[[ DATA EXCERPTS open ]]

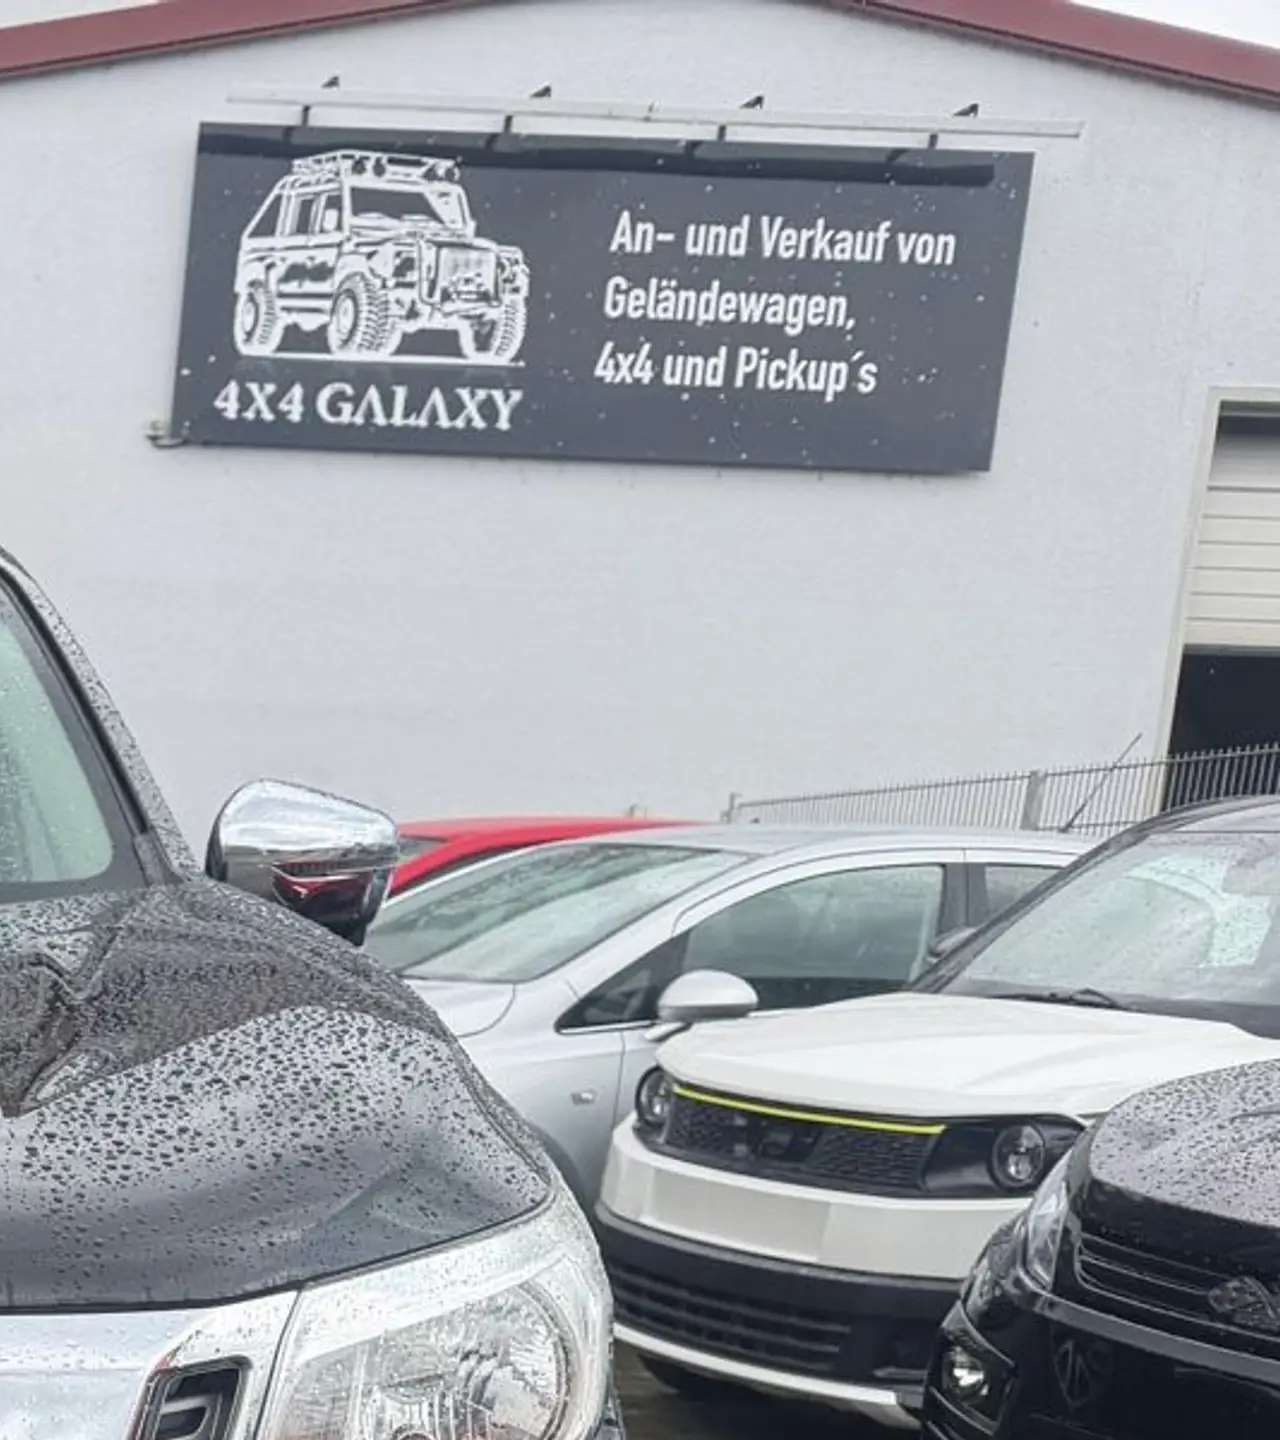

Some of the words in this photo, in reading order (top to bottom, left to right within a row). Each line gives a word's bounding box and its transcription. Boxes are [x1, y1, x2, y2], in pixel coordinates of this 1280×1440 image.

[609, 209, 675, 254] An-
[684, 214, 750, 258] und
[760, 215, 893, 263] Verkauf
[897, 231, 956, 266] von
[603, 275, 856, 336] Geländewagen,
[594, 341, 654, 386] 4x4
[662, 346, 727, 388] und
[213, 379, 306, 424] 4X4
[315, 381, 524, 431] GALAXY
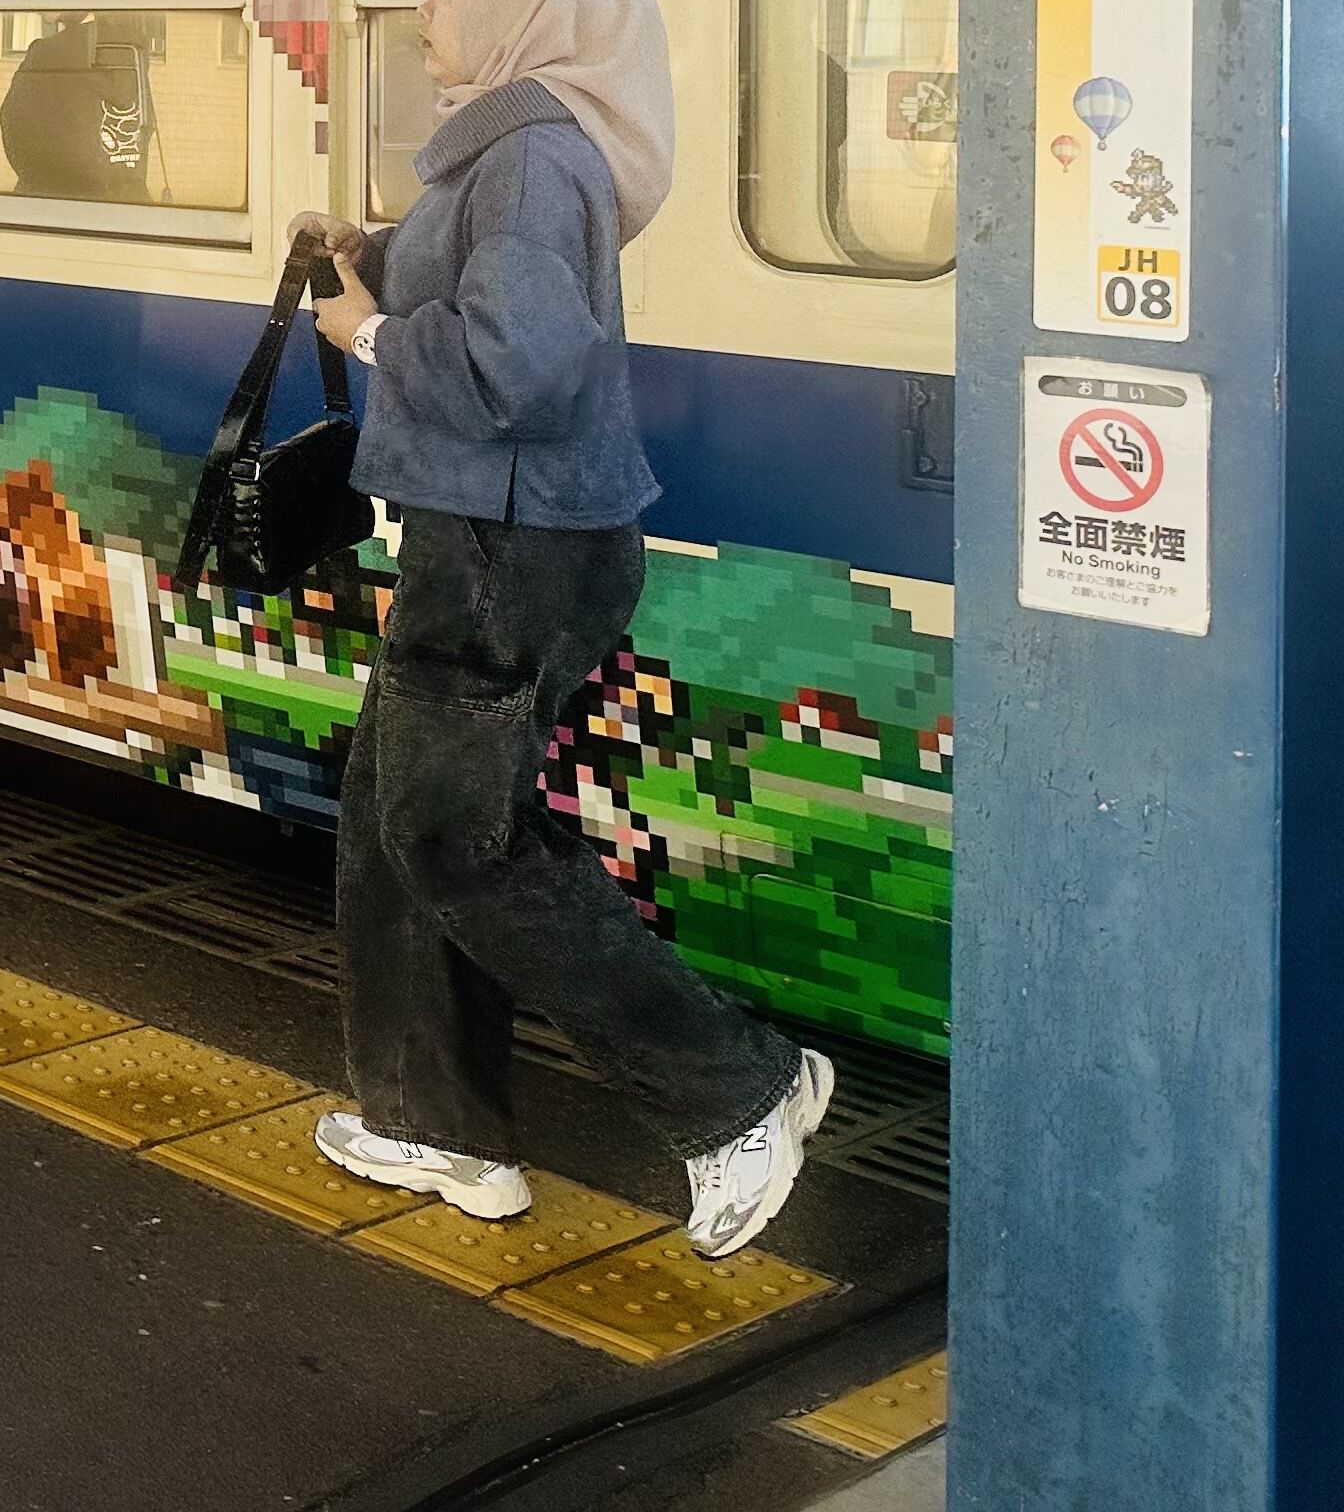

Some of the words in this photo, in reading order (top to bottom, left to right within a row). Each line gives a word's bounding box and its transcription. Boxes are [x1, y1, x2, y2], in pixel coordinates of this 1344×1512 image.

[1118, 248, 1159, 273] JH
[1105, 276, 1172, 320] 08
[1078, 381, 1145, 400] お願い
[1039, 511, 1186, 562] 全面禁煙
[1062, 550, 1084, 565] No
[1088, 554, 1161, 580] Smoking

[[ DATA EXCERPTS closed ]]

▸ YOUR TASK: Every entry must be transcribed exactly. Pictures do not belong in the copy.

▸ EXERCISE OUTPUT:
Some of the words in this photo, in reading order (top to bottom, left to right within a row). Each line gives a word's bounding box and its transcription. Boxes are [x1, y1, x2, y2], in pixel coordinates of this 1280×1440 image.

[609, 209, 675, 254] An-
[684, 214, 750, 258] und
[760, 215, 893, 263] Verkauf
[897, 231, 956, 266] von
[603, 275, 856, 336] Geländewagen,
[594, 341, 654, 386] 4x4
[662, 346, 727, 388] und
[213, 379, 306, 424] 4X4
[315, 381, 524, 431] GALAXY

Some of the words in this photo, in reading order (top to bottom, left to right within a row). Each line gives a word's bounding box and its transcription. Boxes are [x1, y1, x2, y2], in pixel coordinates of this 1344×1512 image.

[1118, 248, 1159, 273] JH
[1105, 276, 1172, 320] 08
[1078, 381, 1145, 400] お願い
[1039, 511, 1186, 562] 全面禁煙
[1062, 550, 1084, 565] No
[1088, 554, 1161, 580] Smoking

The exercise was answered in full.